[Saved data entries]
= = = = =

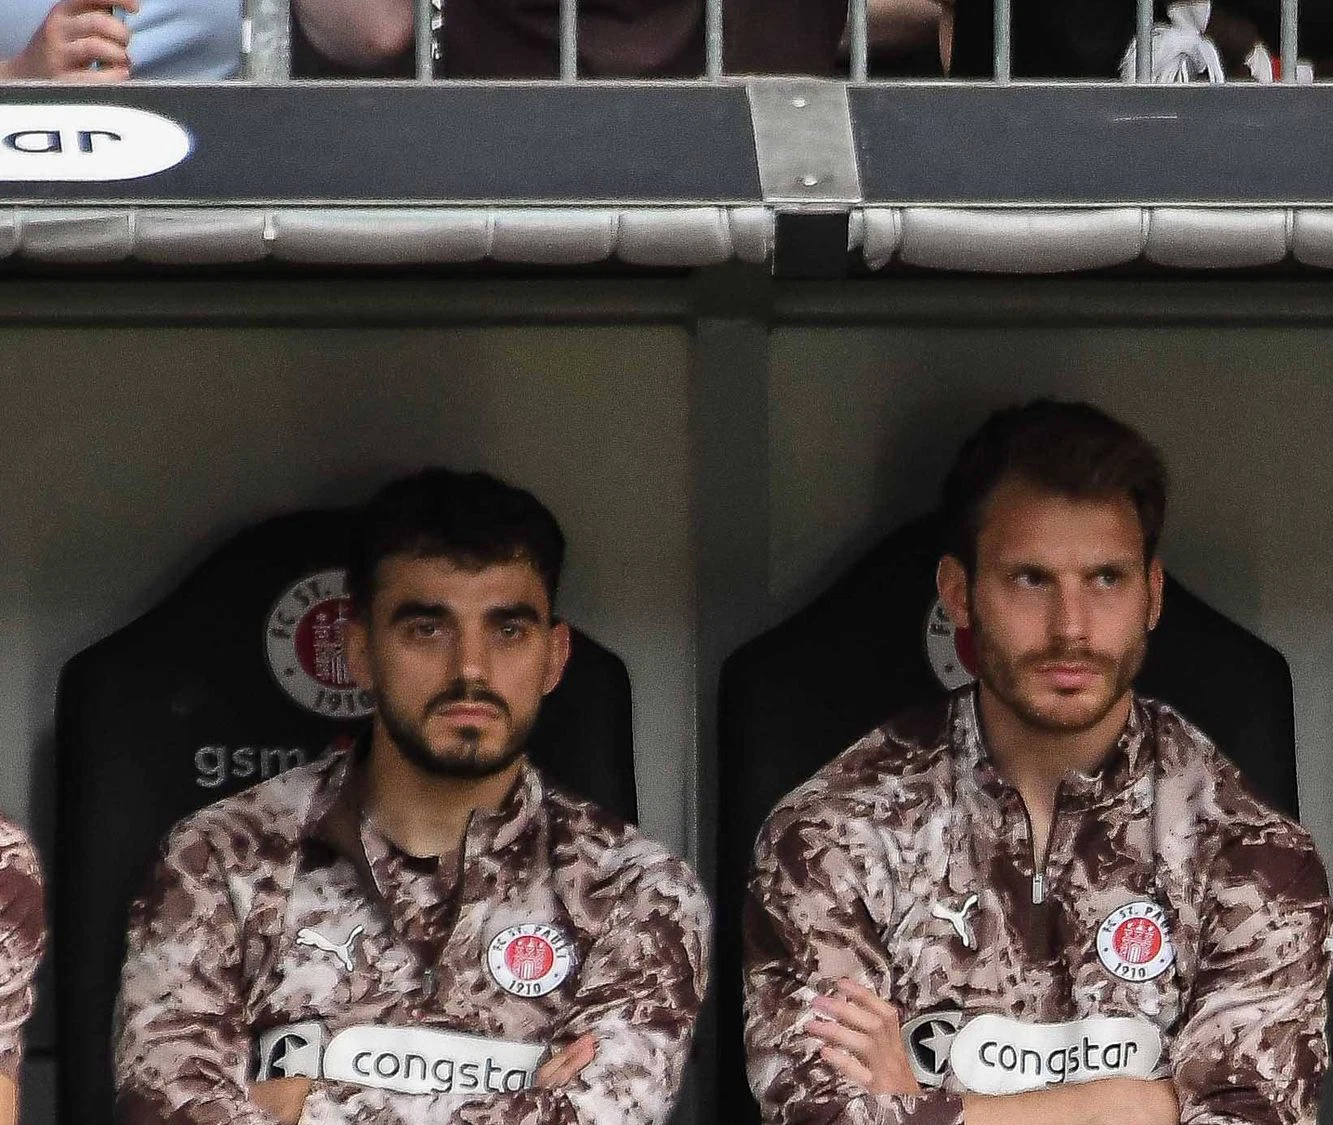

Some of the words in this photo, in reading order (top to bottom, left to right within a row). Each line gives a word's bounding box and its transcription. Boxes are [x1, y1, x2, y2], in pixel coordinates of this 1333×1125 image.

[2, 131, 122, 153] ar
[533, 926, 568, 958] PAULI
[1114, 962, 1146, 979] 1910
[509, 979, 542, 995] 1910
[979, 1036, 1139, 1086] congstar

= = = = =

• [Instructions for the task]:
Your answer must be an exact transcription of every entry, minus the pictures.

• [Result]:
Some of the words in this photo, in reading order (top to bottom, left to right within a row). Each line gives a word's bounding box and its transcription. Boxes are [x1, y1, x2, y2], in pixel coordinates of this 1333×1125 image.

[2, 131, 122, 153] ar
[533, 926, 568, 958] PAULI
[1114, 962, 1146, 979] 1910
[509, 979, 542, 995] 1910
[979, 1036, 1139, 1086] congstar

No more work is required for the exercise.